Utilization Management is a 24/7 operation and work schedule may include weekends, holidays and evening hours.

This role is work from home anywhere in the state of Florida. Applicant must reside in Florida.

As a Utilization Management Nurse Consultant, you will utilize clinical skills to coordinate, document and communicate all aspects of the utilization/benefit management program. You would be responsible for ensuring the member is receiving the appropriate care at the appropriate time and at the appropriate location, while adhering to federal and state regulated turn-around times. This includes reviewing written clinical records.

- Utilizes clinical skills to coordinate, document and communicate all aspects of the utilization/benefit management program. Applies critical thinking and knowledge in clinically appropriate treatment, evidence-based care and medical necessity criteria for appropriate utilization of services.
- Consults and lends expertise to other internal and external constituents in the coordination and administration of the utilization/benefit management function
- Gathers clinical information and applies the appropriate medical necessity criteria/guideline, policy, procedure and clinical judgment to render coverage
determination/recommendation/discharge planning along the continuum of care
- Utilizes clinical experience and skills in a collaborative process to evaluate and facilitate appropriate healthcare services/benefits for members including urgent or emergent interventions (such as triage / crisis support)
- Coordinates/Communicates with providers and other parties to facilitate optimal care/treatment
- Identifies members who may benefit from care management programs and facilitates referral
- Identifies opportunities to promote quality effectiveness of healthcare services and benefit utilization
Required Qualifications

-3+ years of clinical practice experience in an inpatient setting required

-Must have active current and unrestricted RN licensure in state of Florida

-Willingness to obtain additional state licenses as needed (paid for by company)

- Must reside in Florida


Preferred Qualifications
- Previous Utilization Management and/or Managed Care experience preferred

- Discharge planning experience
Education

Associate's degree required

BSN preferred

Anticipated Weekly Hours

40

Time Type

Full time

Pay Range

The typical pay range for this role is:

$29.10 - $62.32

This pay range represents the base hourly rate or base annual full-time salary for all positions in the job grade within which this position falls. The actual base salary offer will depend on a variety of factors including experience, education, geography and other relevant factors. This position is eligible for a CVS Health bonus, commission or short-term incentive program in addition to the base pay range listed above.

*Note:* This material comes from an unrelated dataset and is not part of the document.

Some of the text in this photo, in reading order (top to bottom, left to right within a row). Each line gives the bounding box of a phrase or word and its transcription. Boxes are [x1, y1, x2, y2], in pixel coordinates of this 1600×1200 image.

Our people fuel our future. Our teams reflect the customers, patients, members and communities we serve and we are committed to fostering a workplace where every colleague feels valued and that they belong.

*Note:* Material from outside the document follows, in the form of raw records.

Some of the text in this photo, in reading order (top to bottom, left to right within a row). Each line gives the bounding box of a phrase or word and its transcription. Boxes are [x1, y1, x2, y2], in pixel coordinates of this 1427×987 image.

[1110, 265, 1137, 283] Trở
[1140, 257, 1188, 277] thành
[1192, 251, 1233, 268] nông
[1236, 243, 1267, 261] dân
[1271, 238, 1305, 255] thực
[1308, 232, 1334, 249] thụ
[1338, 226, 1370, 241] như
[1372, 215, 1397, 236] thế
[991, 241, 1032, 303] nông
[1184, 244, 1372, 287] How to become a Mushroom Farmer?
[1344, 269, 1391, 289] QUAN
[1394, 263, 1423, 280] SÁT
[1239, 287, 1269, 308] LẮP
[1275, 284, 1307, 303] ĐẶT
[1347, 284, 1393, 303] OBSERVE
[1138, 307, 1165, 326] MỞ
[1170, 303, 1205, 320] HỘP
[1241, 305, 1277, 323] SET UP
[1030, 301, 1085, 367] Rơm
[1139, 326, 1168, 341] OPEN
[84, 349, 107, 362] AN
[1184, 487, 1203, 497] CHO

Great benefits for great people

We take pride in offering a comprehensive and competitive mix of pay and benefits that reflects our commitment to our colleagues and their families.

This fulltime position is eligible for a comprehensive benefits package designed to support the physical, emotional, and financial wellbeing of colleagues and their families. The benefits for this position include medical, dental, and vision coverage, paid time off, retirement savings options, wellness programs, and other resources, based on eligibility.


Additional details about available benefits are provided during the application process and on Benefits Moments.

We anticipate the application window for this opening will close on: 06/30/2026

Qualified applicants with arrest or conviction records will be considered for employment in accordance with all federal, state and local laws.